Un crieur de bingo en action.

Ronald Léger reprend pour la première fois depuis le début de la pandémie son rôle de crieur au bingo du Manoir Sherbrooke.

Photo : Radio-Canada / DANIEL MAILLOUX

Au Manoir Sherbrooke, c’était un moment que les résidents attendaient avec impatience. Après, une éclosion majeure de COVID-19, 51 jours consécutifs de confinement, 15 mois de mise sur pause des activités récréatives, des restrictions à n’en plus finir, le bingo est enfin de retour.

On sent d'ailleurs une certaine excitation dès qu’on franchit la porte d’entrée. Les mesures liées à la COVID s’assouplissent de plus en plus et des activités interdites depuis des mois reprennent.

Hier, le bon Dieu est revenu dans la maison, souligne avec fierté le directeur de la résidence privée pour aînés (RPA), Gilles Lavoie, en référence à la messe célébrée pour la première fois depuis un an et demi. C’était salle comble; 81 personnes bien comptées en respectant les règles toujours en vigueur. Le prêtre a même reçu une ovation. J'ai assisté à une bonne partie de la messe, ajoute Gilles Lavoie. Je regardais les résidents et je voyais dans leur visage une liberté retrouvée. C’était comme une première communion.

Le directeur du Manoir Sherbrooke, Gilles Lavoie

Le directeur du Manoir Sherbrooke, Gilles Lavoie, est très heureux que sa RPA retrouve une vie un peu plus normale.

Photo : Radio-Canada / Daniel Mailloux

Après l’Eucharistie vient le bingo dans les activités les plus prisées par les résidents. C’est un grand jour pour les organisateurs, comme Ronald Léger, le crieur, comme on l’appelle. C’est lui qui, avec enthousiasme et énergie, tire les numéros et les crient aux participants.

On sent les gens soulagés. On le voit juste par l’expression de leurs yeux. À force de porter un masque, les yeux s’expriment davantage. On voit l’éblouissement dans les yeux des gens.

Une citation de :Ronald Léger, résident du Manoir Sherbrooke

Ghislaine Gendron, qui s’occupe de la vente des moitié-moitié, affirme avoir été anéantie par la pandémie. Tout comme 37 autres personnes, elle a été touchée par l'éclosion survenue au Manoir lors des premières semaines de la pandémie. Reprendre des activités comme le bingo, souligne-t-elle, c’est revivre enfin.
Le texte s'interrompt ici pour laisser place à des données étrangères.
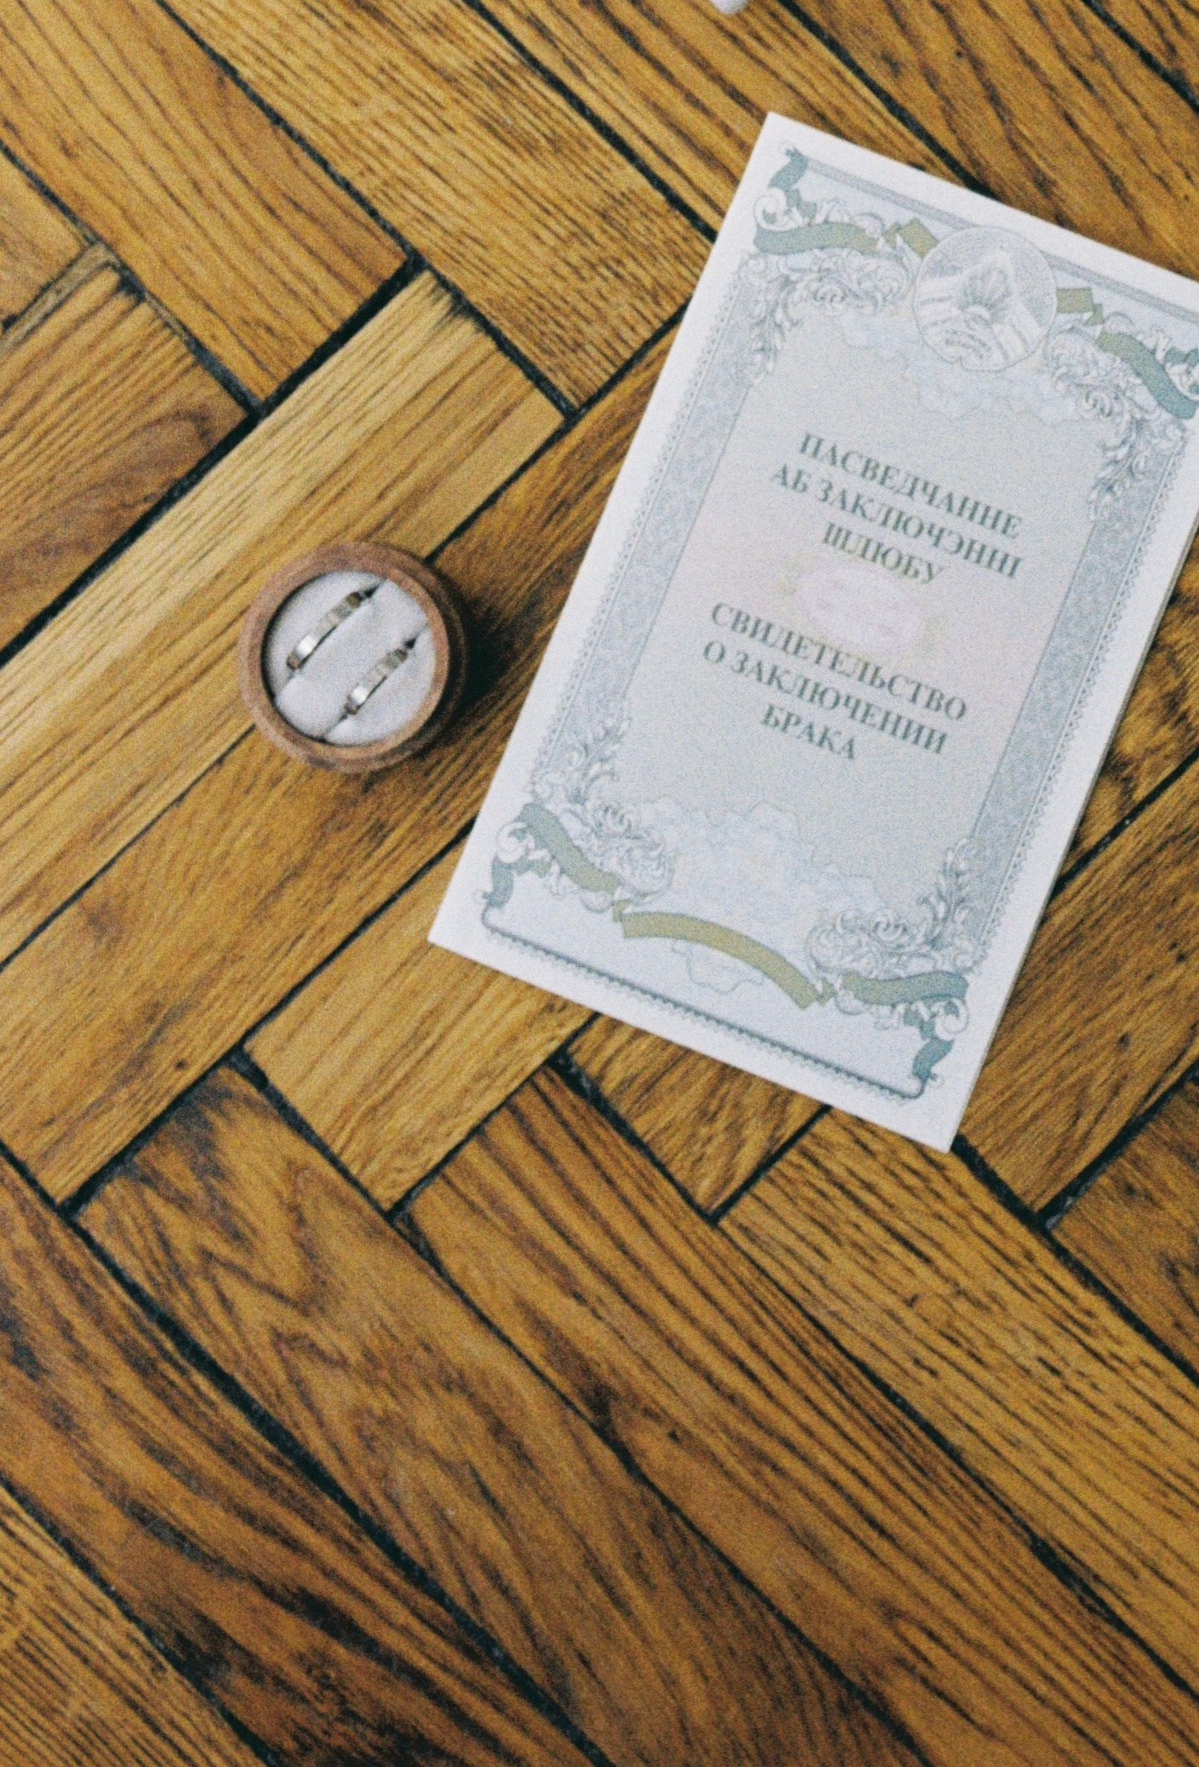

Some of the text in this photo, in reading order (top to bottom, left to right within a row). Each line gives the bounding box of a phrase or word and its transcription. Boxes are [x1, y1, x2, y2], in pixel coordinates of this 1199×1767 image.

[771, 464, 1022, 579] АБ ЗАКЛЮЧЭННІ
[799, 433, 1022, 539] ПАСВЕДЧАННЕ
[821, 522, 945, 583] ШЛЮБУ
[703, 640, 948, 755] О ЗАКЛЮЧЕНИИ
[710, 601, 967, 721] СВИДЕТЕЛЬСТВО
[760, 703, 856, 760] БРАКА
Une rude épreuve pour tout le monde

Le 21 mars 2020 est une journée marquée au fer rouge pour les résidents et les employés du Manoir Sherbrooke. Une éclosion majeure force les autorités de la santé à confiner dans leur appartement les 350 résidents pendant presque 2 mois. Des mesures extrêmement strictes sont déployées. Les policiers font même le guet pour contrôler les allées et venues.

On a été l’une des premières, sinon la première au Québec à avoir une éclosion, raconte Gilles Lavoie. Au début, tout le monde avait peur, mais je n'ai pas perdu d’employés. Personne n'a dit : "Non, je ne rentre pas au travail". On a des employés extraordinaires.

Quand le drame survient au Manoir, la pandémie ne fait que commencer au Québec. Le virus est méconnu et les méthodes pour le contrer aussi. Ce qui vient d’arriver dans cette RPA est saisissant. Le virus est contagieux et il peut se propager rapidement. À preuve : 38 personnes sont contaminées, 8 perdent la vie.

Une femme joue au bingo.

Après avoir été atteinte par la COVID, Ghislaine Gendron apprécie grandement cette liberté retrouvée.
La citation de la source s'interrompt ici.